◆ **What is needed**
An exact reproduction of the data below is the required answer.

◆ **Provided data**

+---+

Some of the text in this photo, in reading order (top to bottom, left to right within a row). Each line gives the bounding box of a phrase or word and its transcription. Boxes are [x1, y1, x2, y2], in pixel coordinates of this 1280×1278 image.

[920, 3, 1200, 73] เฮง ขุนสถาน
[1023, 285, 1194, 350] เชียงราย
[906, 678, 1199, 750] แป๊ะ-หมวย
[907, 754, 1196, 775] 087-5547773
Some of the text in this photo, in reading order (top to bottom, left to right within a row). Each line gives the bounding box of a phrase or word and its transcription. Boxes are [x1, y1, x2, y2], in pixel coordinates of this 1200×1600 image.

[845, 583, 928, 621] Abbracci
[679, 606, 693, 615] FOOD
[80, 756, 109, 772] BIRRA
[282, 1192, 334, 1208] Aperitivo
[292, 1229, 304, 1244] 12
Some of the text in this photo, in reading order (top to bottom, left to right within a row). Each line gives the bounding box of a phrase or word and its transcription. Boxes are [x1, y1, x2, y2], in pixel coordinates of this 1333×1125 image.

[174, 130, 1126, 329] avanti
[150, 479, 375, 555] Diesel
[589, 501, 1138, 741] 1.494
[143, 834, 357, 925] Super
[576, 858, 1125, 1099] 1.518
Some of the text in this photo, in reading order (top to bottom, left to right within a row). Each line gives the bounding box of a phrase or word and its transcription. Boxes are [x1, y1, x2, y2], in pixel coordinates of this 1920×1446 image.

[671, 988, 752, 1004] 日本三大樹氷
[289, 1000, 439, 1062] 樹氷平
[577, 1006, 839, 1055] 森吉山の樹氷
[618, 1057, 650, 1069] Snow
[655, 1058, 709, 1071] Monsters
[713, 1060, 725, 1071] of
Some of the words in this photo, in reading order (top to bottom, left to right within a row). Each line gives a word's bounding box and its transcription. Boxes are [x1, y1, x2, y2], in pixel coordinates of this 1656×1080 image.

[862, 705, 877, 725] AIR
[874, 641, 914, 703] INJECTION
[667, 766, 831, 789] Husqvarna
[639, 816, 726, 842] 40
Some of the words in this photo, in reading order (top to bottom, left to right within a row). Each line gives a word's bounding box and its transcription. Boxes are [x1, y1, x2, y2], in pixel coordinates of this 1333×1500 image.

+---+

◆ **Reply to the exercise**
Some of the text in this photo, in reading order (top to bottom, left to right within a row). Each line gives the bounding box of a phrase or word and its transcription. Boxes are [x1, y1, x2, y2], in pixel coordinates of this 1280×1278 image.

[920, 3, 1200, 73] เฮง ขุนสถาน
[1023, 285, 1194, 350] เชียงราย
[906, 678, 1199, 750] แป๊ะ-หมวย
[907, 754, 1196, 775] 087-5547773
Some of the text in this photo, in reading order (top to bottom, left to right within a row). Each line gives the bounding box of a phrase or word and its transcription. Boxes are [x1, y1, x2, y2], in pixel coordinates of this 1200×1600 image.

[845, 583, 928, 621] Abbracci
[679, 606, 693, 615] FOOD
[80, 756, 109, 772] BIRRA
[282, 1192, 334, 1208] Aperitivo
[292, 1229, 304, 1244] 12
Some of the text in this photo, in reading order (top to bottom, left to right within a row). Each line gives the bounding box of a phrase or word and its transcription. Boxes are [x1, y1, x2, y2], in pixel coordinates of this 1333×1125 image.

[174, 130, 1126, 329] avanti
[150, 479, 375, 555] Diesel
[589, 501, 1138, 741] 1.494
[143, 834, 357, 925] Super
[576, 858, 1125, 1099] 1.518
Some of the text in this photo, in reading order (top to bottom, left to right within a row). Each line gives the bounding box of a phrase or word and its transcription. Boxes are [x1, y1, x2, y2], in pixel coordinates of this 1920×1446 image.

[671, 988, 752, 1004] 日本三大樹氷
[289, 1000, 439, 1062] 樹氷平
[577, 1006, 839, 1055] 森吉山の樹氷
[618, 1057, 650, 1069] Snow
[655, 1058, 709, 1071] Monsters
[713, 1060, 725, 1071] of
Some of the words in this photo, in reading order (top to bottom, left to right within a row). Each line gives a word's bounding box and its transcription. Boxes are [x1, y1, x2, y2], in pixel coordinates of this 1656×1080 image.

[862, 705, 877, 725] AIR
[874, 641, 914, 703] INJECTION
[667, 766, 831, 789] Husqvarna
[639, 816, 726, 842] 40
Some of the words in this photo, in reading order (top to bottom, left to right within a row). Each line gives a word's bounding box and its transcription. Boxes are [x1, y1, x2, y2], in pixel coordinates of this 1333×1500 image.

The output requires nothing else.